Start of Block

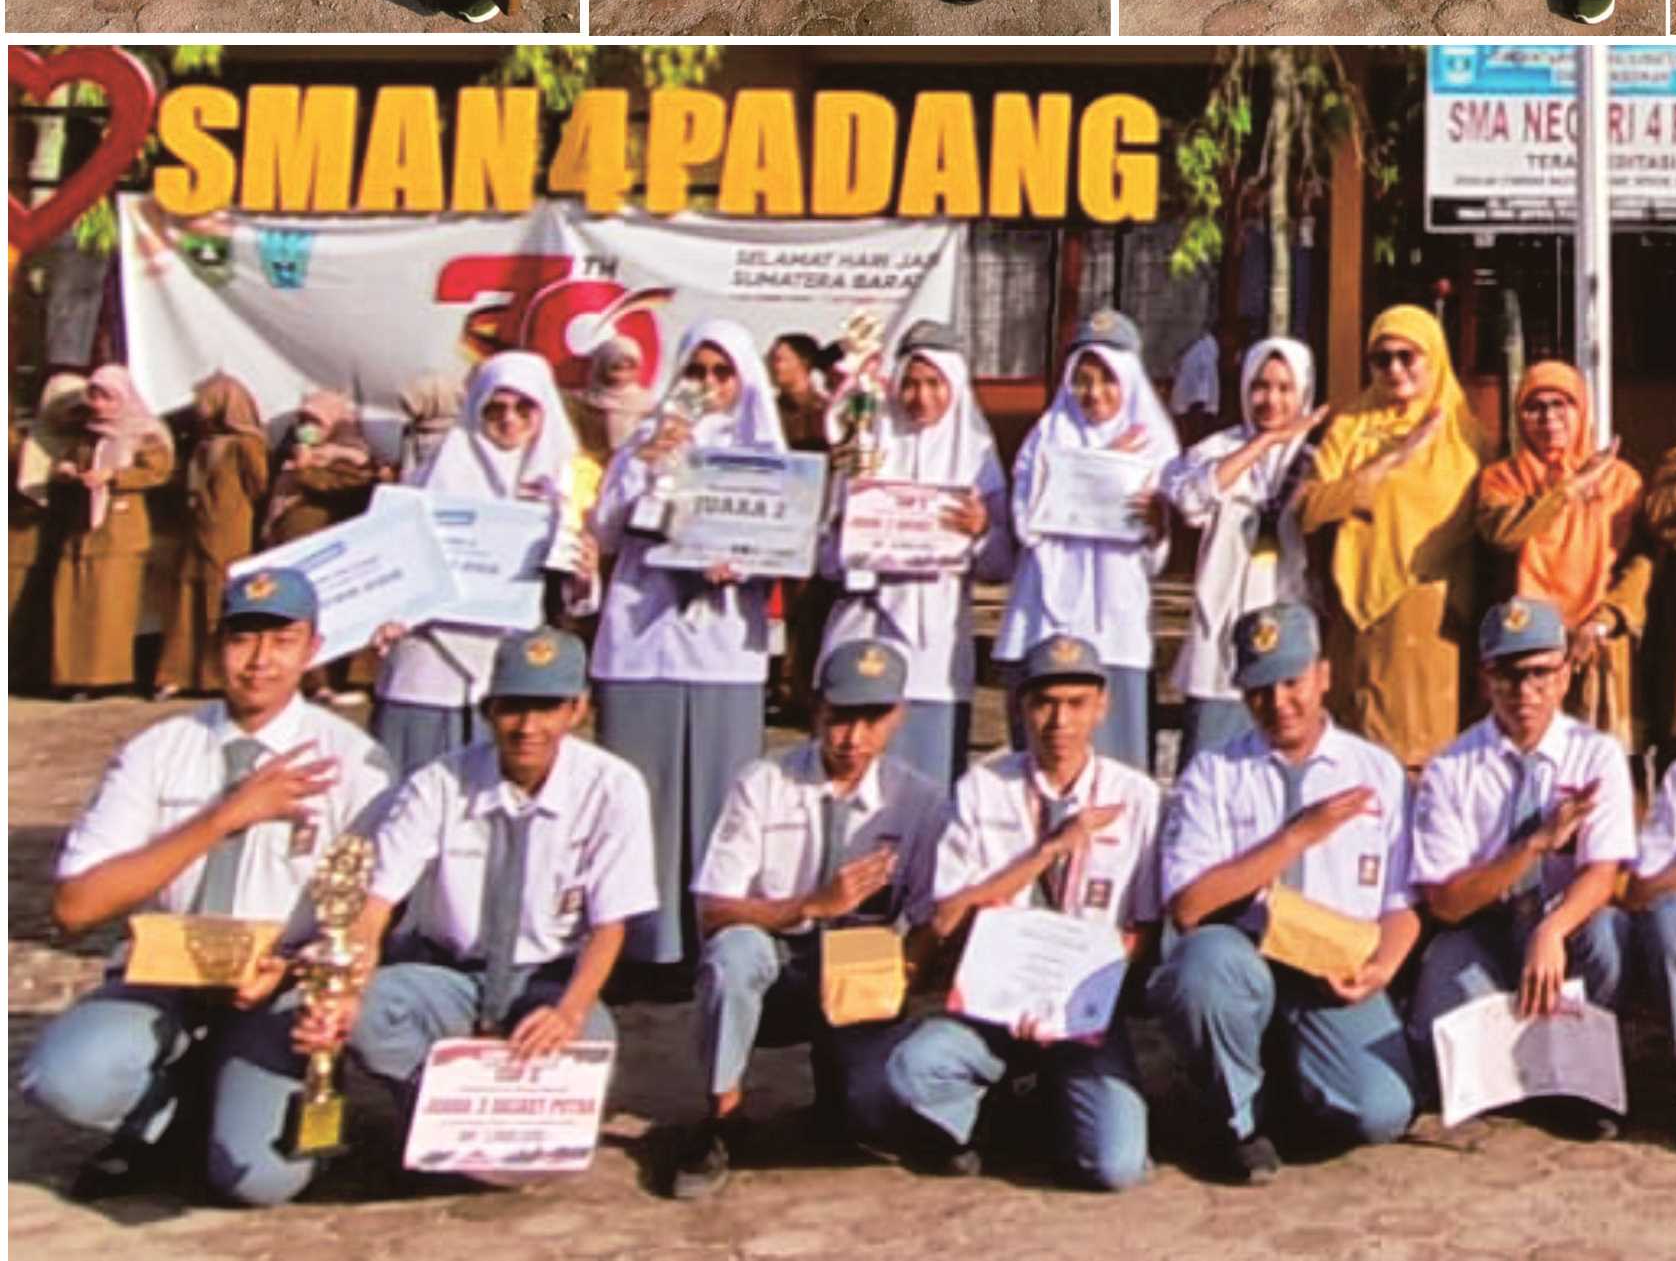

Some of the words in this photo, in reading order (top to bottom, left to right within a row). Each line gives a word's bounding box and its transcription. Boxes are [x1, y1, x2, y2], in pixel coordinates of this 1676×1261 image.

[1447, 100, 1510, 144] SMA
[1645, 102, 1662, 142] 4
[734, 248, 836, 270] SELAMAT
[838, 250, 893, 270] HARI
[731, 269, 848, 290] SUMATERA
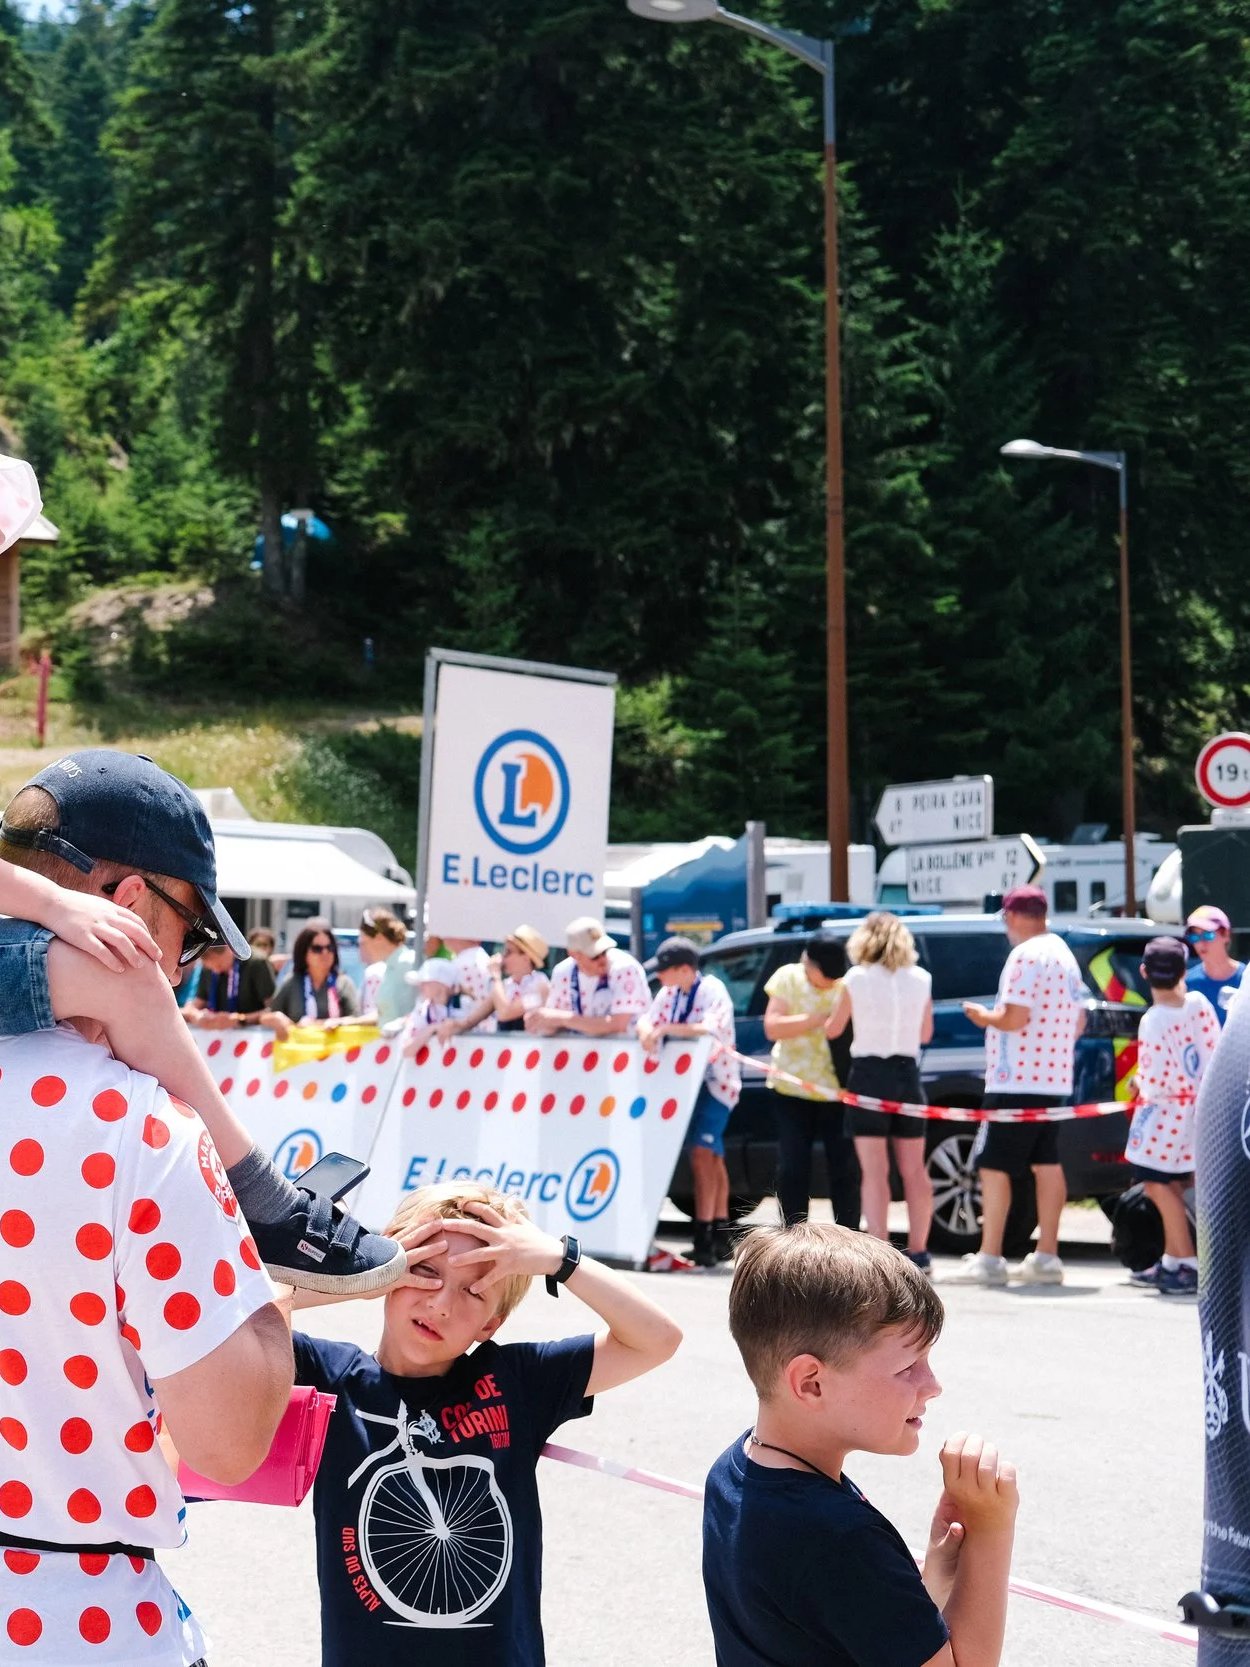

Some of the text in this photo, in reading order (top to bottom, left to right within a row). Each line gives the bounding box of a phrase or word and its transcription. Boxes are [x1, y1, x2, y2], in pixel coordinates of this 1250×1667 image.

[1217, 763, 1239, 781] 19
[499, 762, 542, 827] L
[442, 853, 594, 897] E.Leclerc
[911, 876, 942, 896] NICE
[474, 1373, 502, 1400] DE
[342, 1527, 382, 1612] ALPES DU SUD
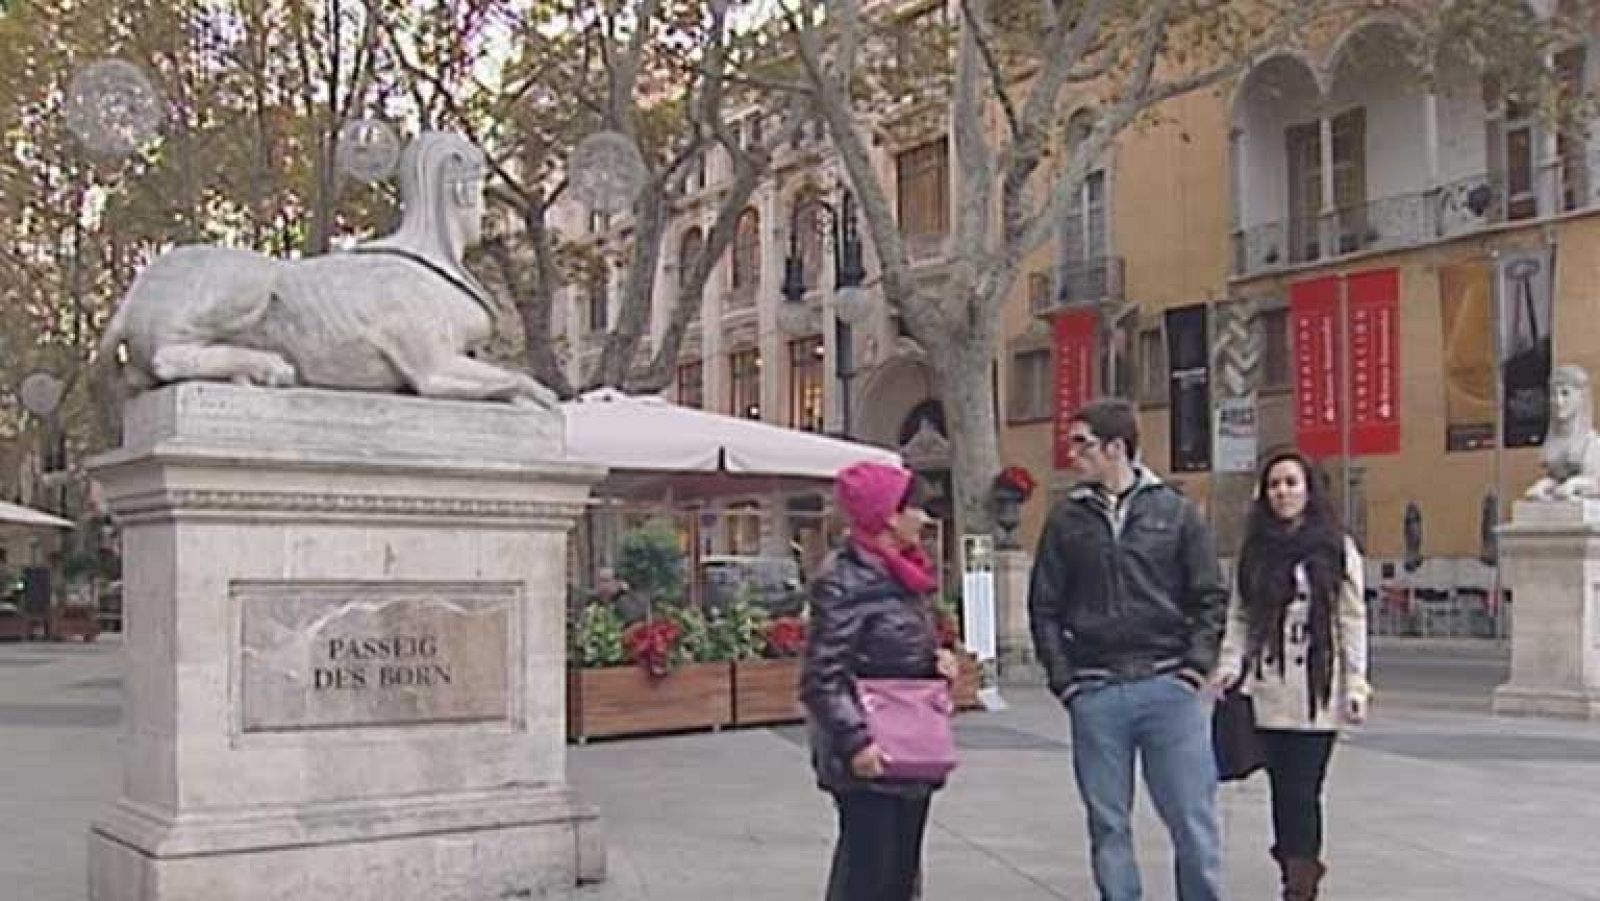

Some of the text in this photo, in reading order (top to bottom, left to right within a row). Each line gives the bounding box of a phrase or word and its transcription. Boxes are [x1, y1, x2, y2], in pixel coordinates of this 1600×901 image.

[328, 635, 438, 660] PASSEIG
[313, 664, 452, 690] DES BORN

End of Block

## Your task
I'd like the records above given again exactly, please, without the pictures.

## Solution below
Some of the words in this photo, in reading order (top to bottom, left to right within a row). Each line gives a word's bounding box and its transcription. Boxes are [x1, y1, x2, y2], in pixel coordinates of this 1676×1261 image.

[1447, 100, 1510, 144] SMA
[1645, 102, 1662, 142] 4
[734, 248, 836, 270] SELAMAT
[838, 250, 893, 270] HARI
[731, 269, 848, 290] SUMATERA

Some of the text in this photo, in reading order (top to bottom, left to right within a row). Each line gives the bounding box of a phrase or word and its transcription. Boxes are [x1, y1, x2, y2], in pixel coordinates of this 1250×1667 image.

[1217, 763, 1239, 781] 19
[499, 762, 542, 827] L
[442, 853, 594, 897] E.Leclerc
[911, 876, 942, 896] NICE
[474, 1373, 502, 1400] DE
[342, 1527, 382, 1612] ALPES DU SUD

Some of the text in this photo, in reading order (top to bottom, left to right within a row). Each line gives the bounding box of a phrase or word and its transcription. Boxes are [x1, y1, x2, y2], in pixel coordinates of this 1600×901 image.

[328, 635, 438, 660] PASSEIG
[313, 664, 452, 690] DES BORN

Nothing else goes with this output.